In just the three years I’ve been working for websites, I’ve seen the economy swing wildly.  In early 2006, when I took on a job at an established dot com, things were great.  We could count on a single free registration to be worth as much as $5 to our bottom line, and the free registrations flowed in by the thousands every day.  Advertisers were clamoring and outbidding each other to get a chance to put their wares in front of our members.  We could afford to be picky and choose only the best deals for our users, and links were available everywhere for the taking.

Looking at the state of the markets today, I’m still shocked at how quickly things can change.  Advertisers in a similar niche are now paying just .50 to $1 for those same free signups, and sources of links have all but dried up.  Its like the link economy online has turned into its own dustbowl.

Its not just economic trends to blame, we’re also looking at a predicted demographic shift that is pushing our financial systems and web businesses into crisis.  As baby boomers age, they’ve been reluctant to give up their power, their influence, and their jobs.  In many cases, they’ve got no choice:  the retirement funds they thought they had have evaporated as quickly as a small puddle under the Florida sun.  Generation X is heading in to midlife, and they’re trying to protect the little they have.

Castles in the Sky

And nowhere has the protective nature of Gen X been as obvious as online, in the link economy.  Ten, even fifteen years ago, these pioneers were online while most of Gen Y was busy watching GI Joe and Transformers cartoons.  Many Xers established an online presence and a digital identity – and they learned how to leverage it into income.  Back then, or even just three years ago, idealism was an important force in the link economy:  “You contribute, you get a link.”  There was a mad rush to add your opinions to other blogs, to link your domains and articles from social sites, and to forge informal networks of reciprocal link juice.
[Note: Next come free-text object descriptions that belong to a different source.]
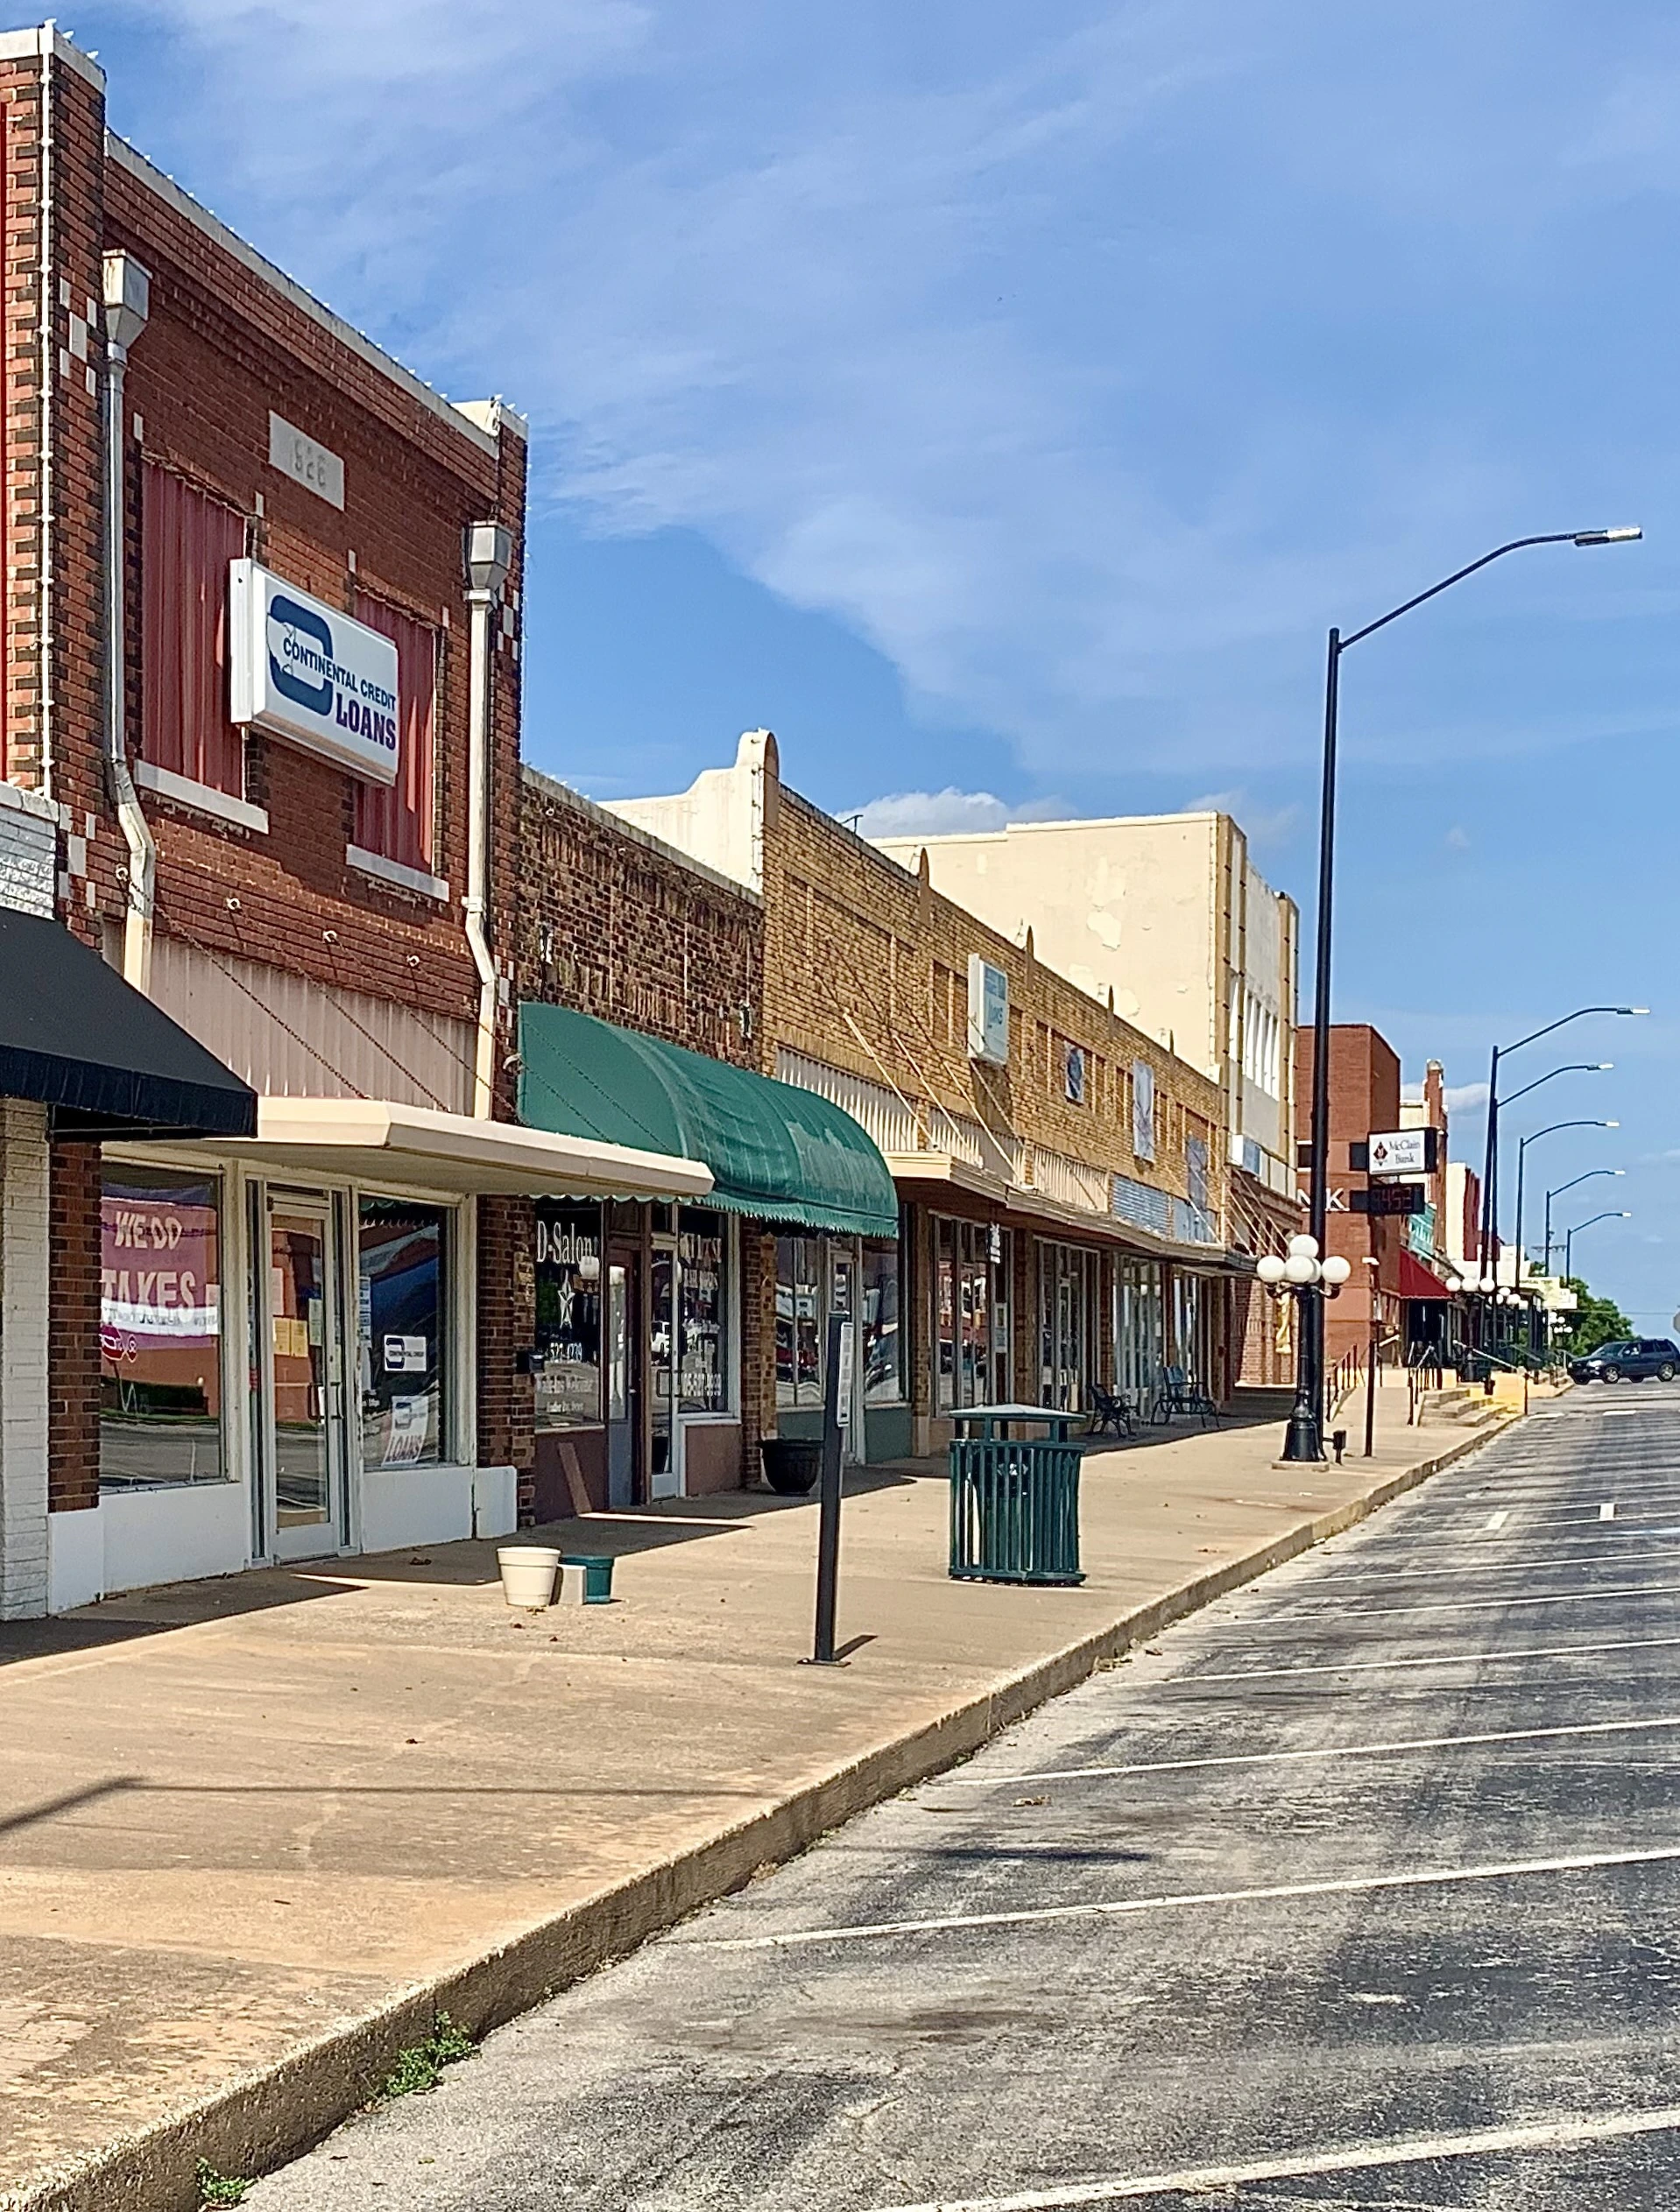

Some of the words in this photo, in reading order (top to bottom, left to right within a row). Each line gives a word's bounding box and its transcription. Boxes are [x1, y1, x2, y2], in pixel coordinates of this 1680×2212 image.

[283, 638, 357, 693] CONTINENTAL
[360, 679, 396, 711] CREDIT
[336, 693, 396, 750] LOANS
[1395, 1152, 1415, 1164] Bank
[115, 1212, 148, 1248] WE
[536, 1220, 593, 1265] D-Salon
Web 2.0 promised to bring everyone into the conversation, in real time, and reward them for it too.

But something happened:  The economy went south quickly at the exact same time a large generations of digital natives starting poking around at online income.  The double-whammy was too much for established Xers:  their digital castles suddenly seemed under seige by an ever-growing mob of newbies and cut-throat kids. Luckily, Google had provided a wall in “nofollow.”  There was a sense that these walls could keep the pagerank in and the horde of potential competitors out.  In just a few years, the internet went from an open book to a locked-down fort.
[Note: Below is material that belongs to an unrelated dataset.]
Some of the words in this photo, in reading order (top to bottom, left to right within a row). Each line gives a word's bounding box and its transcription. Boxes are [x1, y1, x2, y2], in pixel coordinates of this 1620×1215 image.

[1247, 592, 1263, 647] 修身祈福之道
But the walls were mostly imaginary:  It turns out nofollow wasn’t keeping the pagerank in, it was consuming it.  Everyone sat behind their walls, imagining security, while the ranks that had been flowing in suddenly dried up and threatened drought.  People built more walls, now blocking off parts of their own domain in hopes of saving the rest.  Desperate for links, they sent links out to social sites – hoping to someday get a popular link pointing back at them.  Instead, the social sites put up their own walls and ensured the blogs feeding them would be left out of the link flow.
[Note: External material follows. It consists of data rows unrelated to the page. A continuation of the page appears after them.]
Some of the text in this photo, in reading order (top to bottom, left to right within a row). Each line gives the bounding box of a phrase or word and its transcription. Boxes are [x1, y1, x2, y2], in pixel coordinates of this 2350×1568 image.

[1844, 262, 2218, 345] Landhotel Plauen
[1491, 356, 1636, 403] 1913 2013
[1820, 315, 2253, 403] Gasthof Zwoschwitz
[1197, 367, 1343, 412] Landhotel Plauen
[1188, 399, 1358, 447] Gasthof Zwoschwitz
The bloggers were hooked on quick traffic:  Quick traffic that doesn’t convert.

The Death of Blogging, Long Live Blogging

Am I too young to romanticize “the way things used to be?”  Is it naive to dream of a future that resembles the past in the good ways and not the bad?

Blogging isn’t what it used to be.  The tight-knit communities have hired guards for the gate, and the commercial writer simply shouts into the dark and then proceeds to hunt down some links in any way possible.  The biggest sites continue to collect links, because when give & take wasn’t enough, they took their gains and swore to a “take only” policy.  Giving was frowned upon, a sign that you were weak and reliant on others’ goodwill.

How quickly the idealism of the blogosphere turned.

And what was there to be idealistic about?  The only active travelers were the ones who seemed oblivious to the walls.  The conversation didn’t improve, and the automated spam bots continued to value volume above quality.  Many respectable blogs started shrinking or becoming over-run by weeds.  10 clicks on stumble or a few comments at Digg was enough to remind us we had something else to do.  Newbies and their idealistic attempts to break into the realm made us even more cynical, reminding us it wasn’t like it used to be.

Brothers, Sisters…

Can you please spare a link?  Can you tear down these walls?  Can you help your fellow webmasters out?

There is no shortage in the link economy but the one we’ve brought on ourselves.  If revenues are down and people are frustrated at mismatched search results, its because we’ve given up our collective power to optimize these results.

The web didn’t become great because a few domains had massive traffic share, it became great because so many people had decided to specialize in that obscure topic you wanted to study in more depth.  We’ve tried to take the optimization out of the game, but who has really gained?